[Materials provided Boundary: Start]

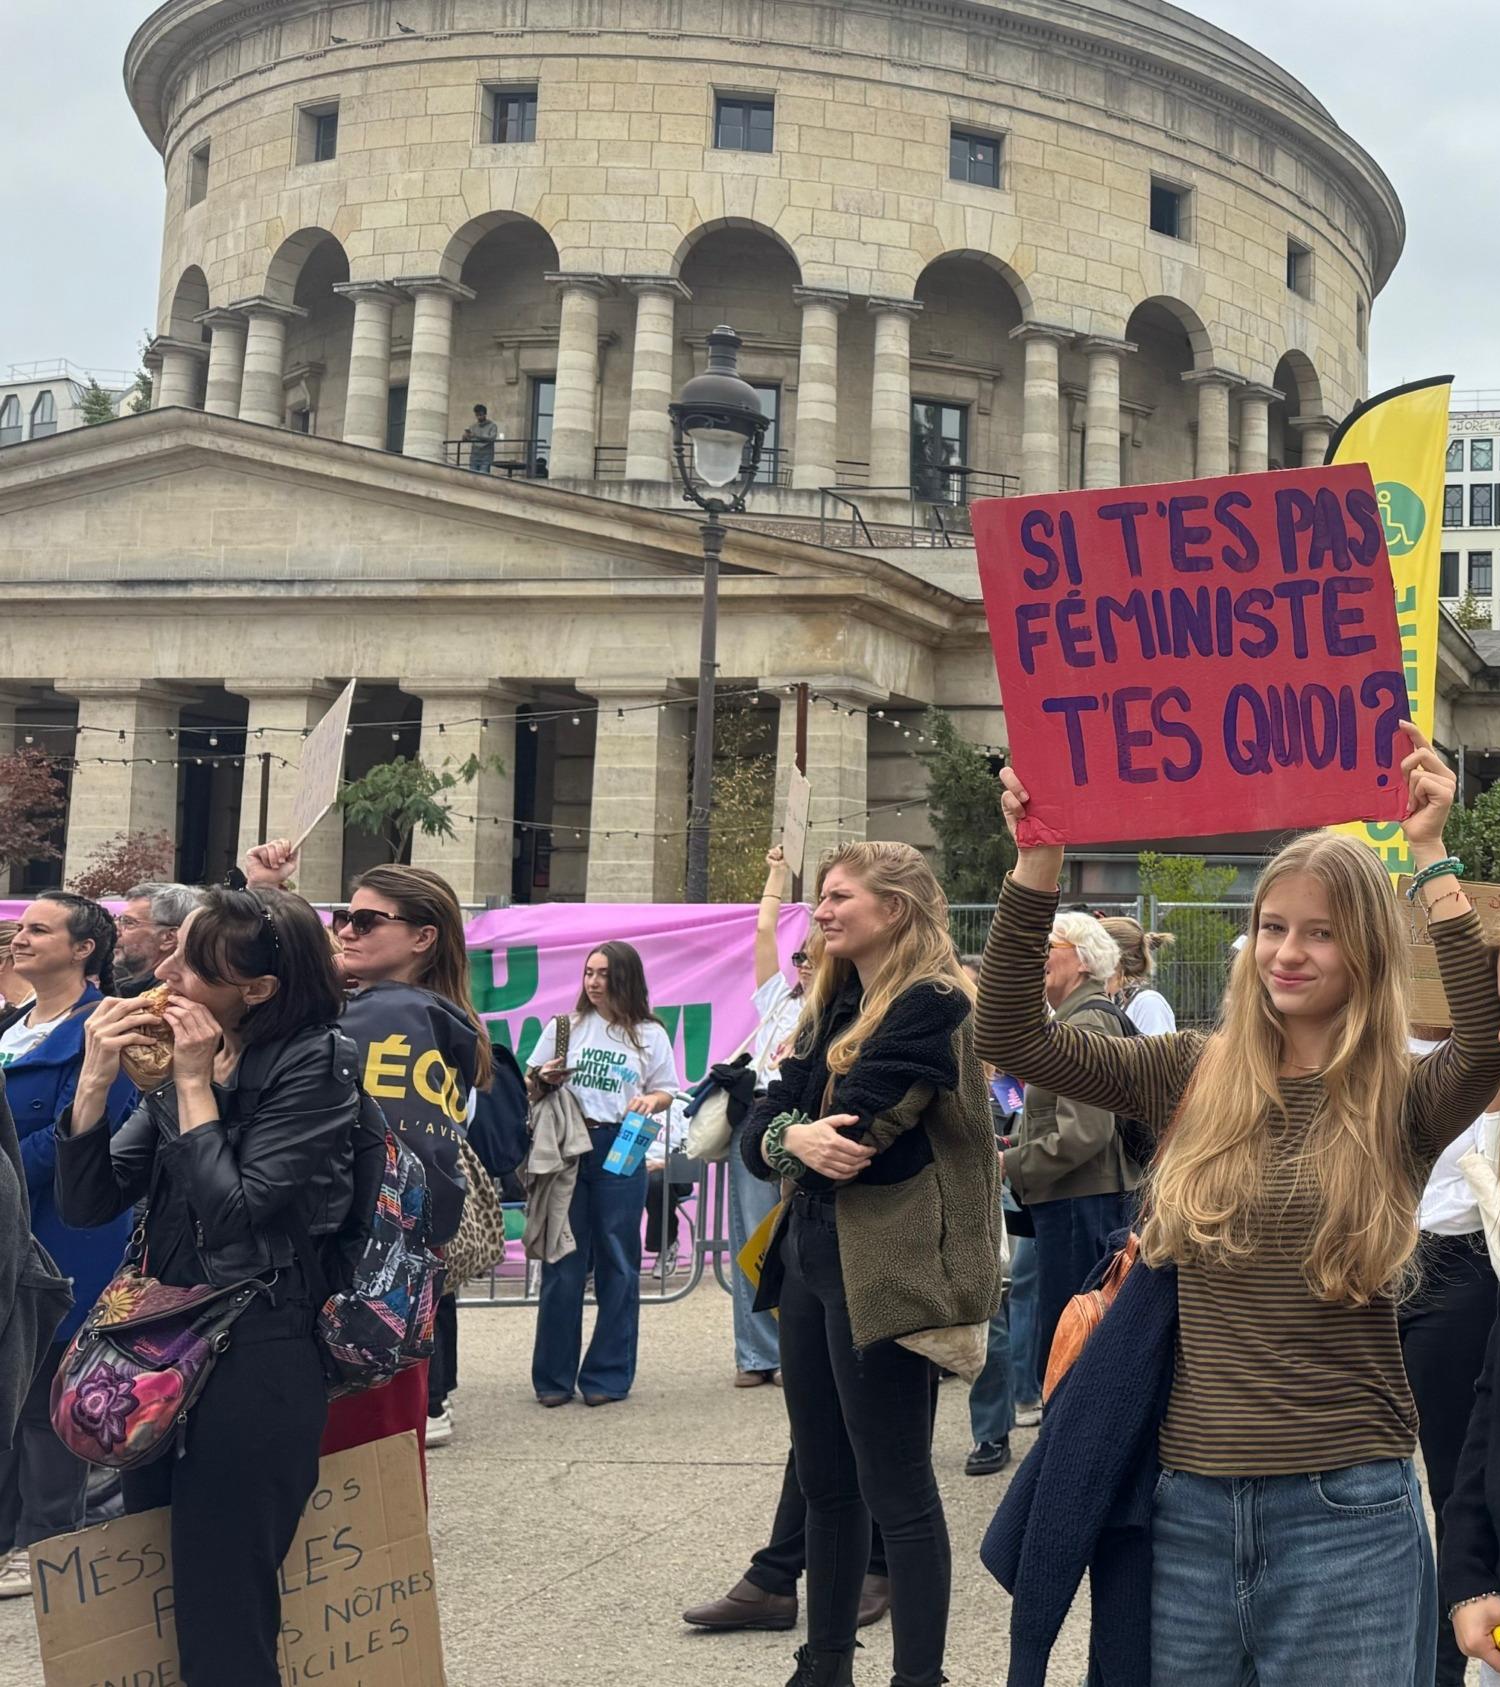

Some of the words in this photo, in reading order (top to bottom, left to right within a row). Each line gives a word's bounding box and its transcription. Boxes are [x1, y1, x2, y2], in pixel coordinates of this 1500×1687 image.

[1020, 509, 1083, 591] SI
[1098, 491, 1260, 577] T'ES
[1275, 487, 1383, 574] PAS
[1016, 577, 1377, 674] FÉMINISTE
[1042, 686, 1202, 786] T'ES
[1222, 670, 1411, 787] QUOI?
[363, 1034, 468, 1124] ÉQU
[572, 1073, 622, 1093] WOMEN!
[577, 1060, 609, 1076] WITH
[582, 1048, 627, 1065] WORLD
[37, 1543, 166, 1614] MESS
[278, 1525, 363, 1596] LES
[324, 1568, 434, 1632] NÔTRES
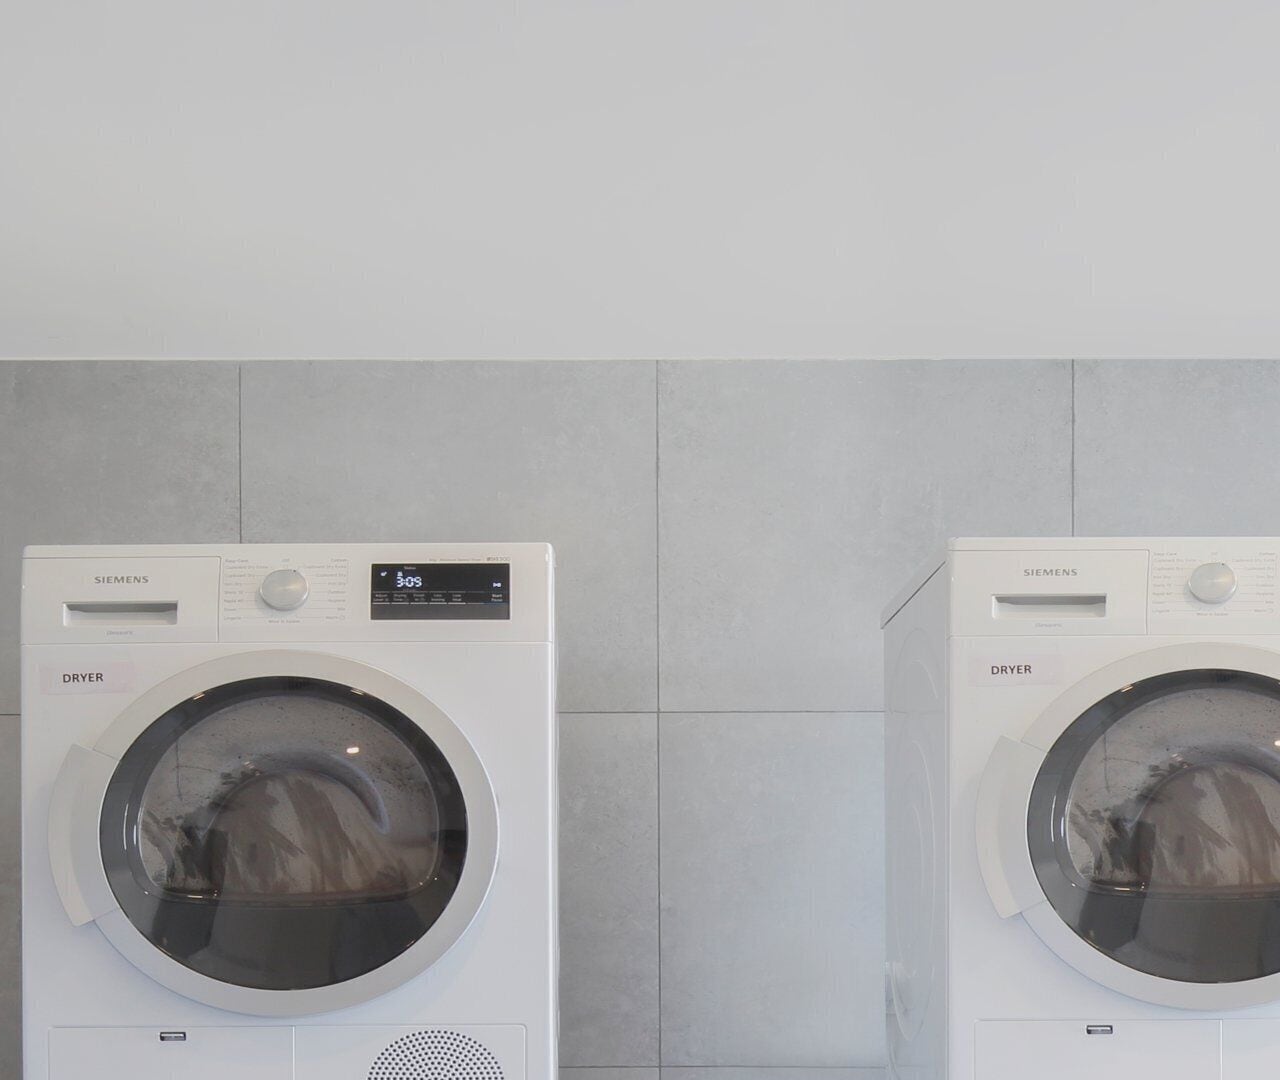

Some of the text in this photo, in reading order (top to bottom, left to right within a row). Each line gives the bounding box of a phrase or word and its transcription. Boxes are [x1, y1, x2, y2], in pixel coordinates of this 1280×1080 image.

[1023, 568, 1078, 577] SIEMENS
[94, 575, 149, 584] SIEMENS
[396, 576, 423, 587] 3:09
[991, 664, 1032, 675] DRYER
[62, 672, 104, 683] DRYER

[Materials provided Boundary: End]

The job here is to write out the records exactly, pictures excluded.

Some of the words in this photo, in reading order (top to bottom, left to right within a row). Each line gives a word's bounding box and its transcription. Boxes are [x1, y1, x2, y2], in pixel coordinates of this 1500×1687 image.

[1020, 509, 1083, 591] SI
[1098, 491, 1260, 577] T'ES
[1275, 487, 1383, 574] PAS
[1016, 577, 1377, 674] FÉMINISTE
[1042, 686, 1202, 786] T'ES
[1222, 670, 1411, 787] QUOI?
[363, 1034, 468, 1124] ÉQU
[572, 1073, 622, 1093] WOMEN!
[577, 1060, 609, 1076] WITH
[582, 1048, 627, 1065] WORLD
[37, 1543, 166, 1614] MESS
[278, 1525, 363, 1596] LES
[324, 1568, 434, 1632] NÔTRES

Some of the text in this photo, in reading order (top to bottom, left to right within a row). Each line gives the bounding box of a phrase or word and its transcription. Boxes are [x1, y1, x2, y2], in pixel coordinates of this 1280×1080 image.

[1023, 568, 1078, 577] SIEMENS
[94, 575, 149, 584] SIEMENS
[396, 576, 423, 587] 3:09
[991, 664, 1032, 675] DRYER
[62, 672, 104, 683] DRYER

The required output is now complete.